Drop every picture, then transcribe the remaining data exactly.

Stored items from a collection
....................
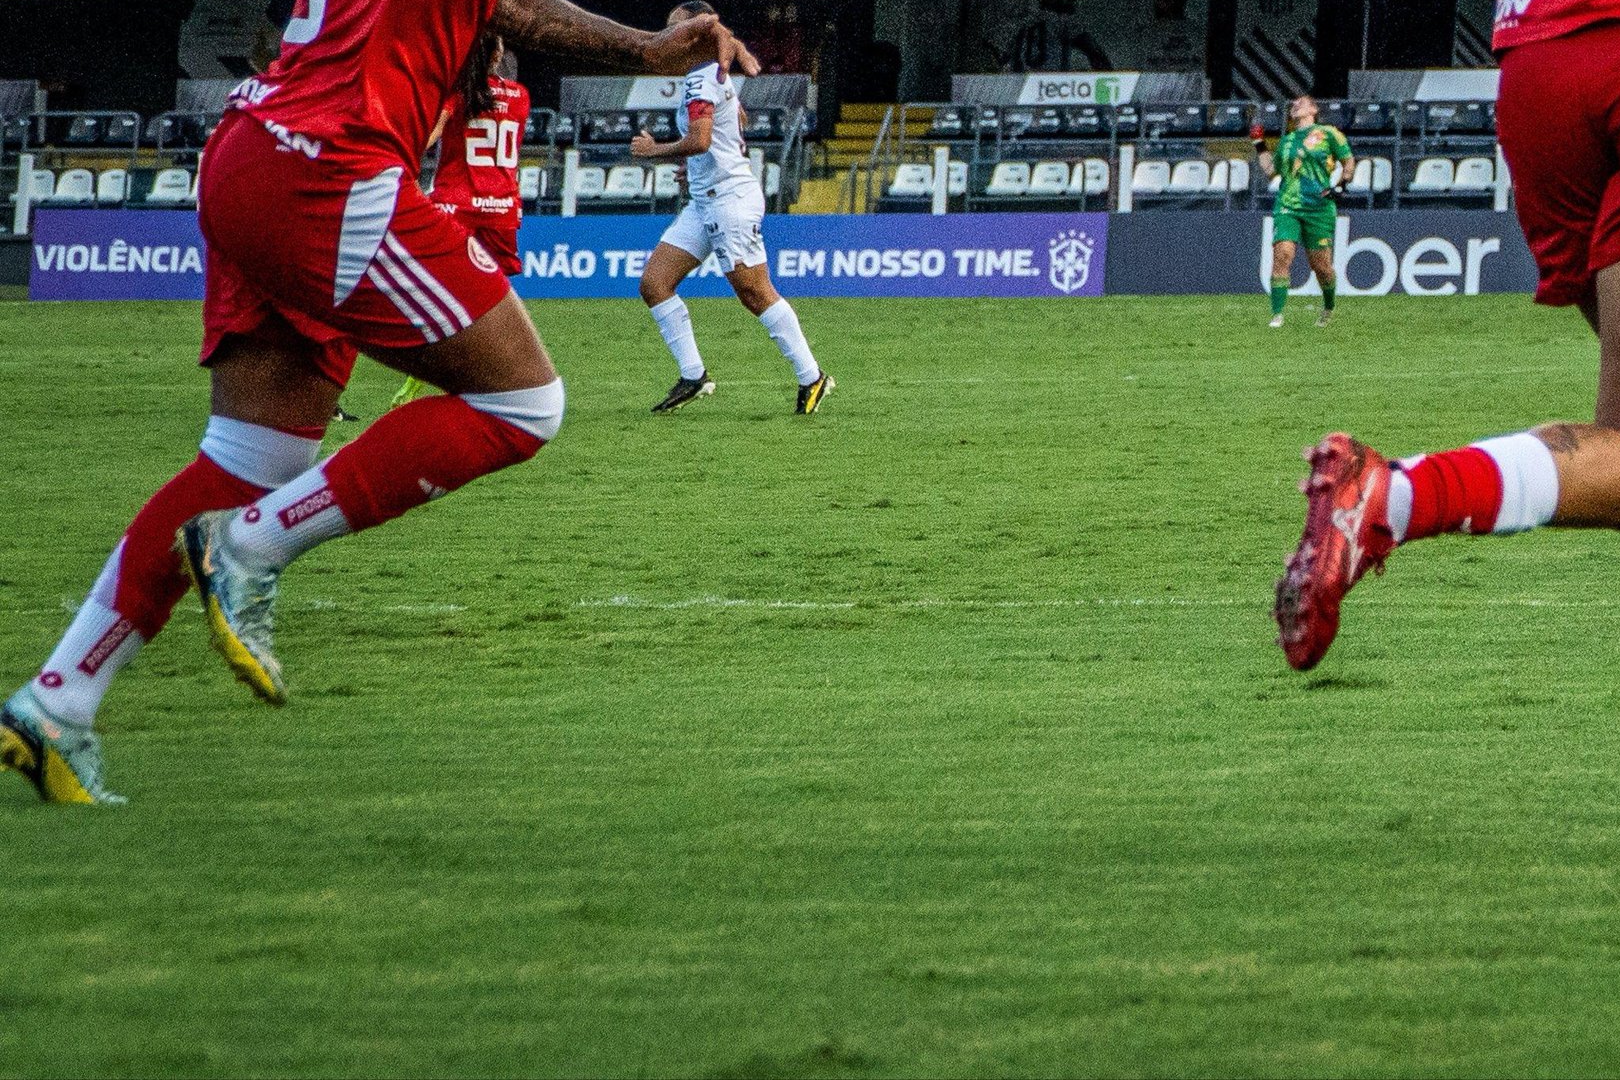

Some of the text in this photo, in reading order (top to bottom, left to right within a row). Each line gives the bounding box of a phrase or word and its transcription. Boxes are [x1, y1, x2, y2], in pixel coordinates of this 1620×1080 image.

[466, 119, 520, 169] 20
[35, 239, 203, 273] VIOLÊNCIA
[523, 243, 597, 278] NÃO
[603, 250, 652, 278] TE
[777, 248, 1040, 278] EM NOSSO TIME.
....................
**Answer section**:
Some of the text in this photo, in reading order (top to bottom, left to right within a row). Each line gives the bounding box of a phrase or word and its transcription. Boxes are [x1, y1, x2, y2], in pixel coordinates of this 1620×1080 image.

[466, 119, 520, 169] 20
[35, 239, 203, 273] VIOLÊNCIA
[523, 243, 597, 278] NÃO
[603, 250, 652, 278] TE
[777, 248, 1040, 278] EM NOSSO TIME.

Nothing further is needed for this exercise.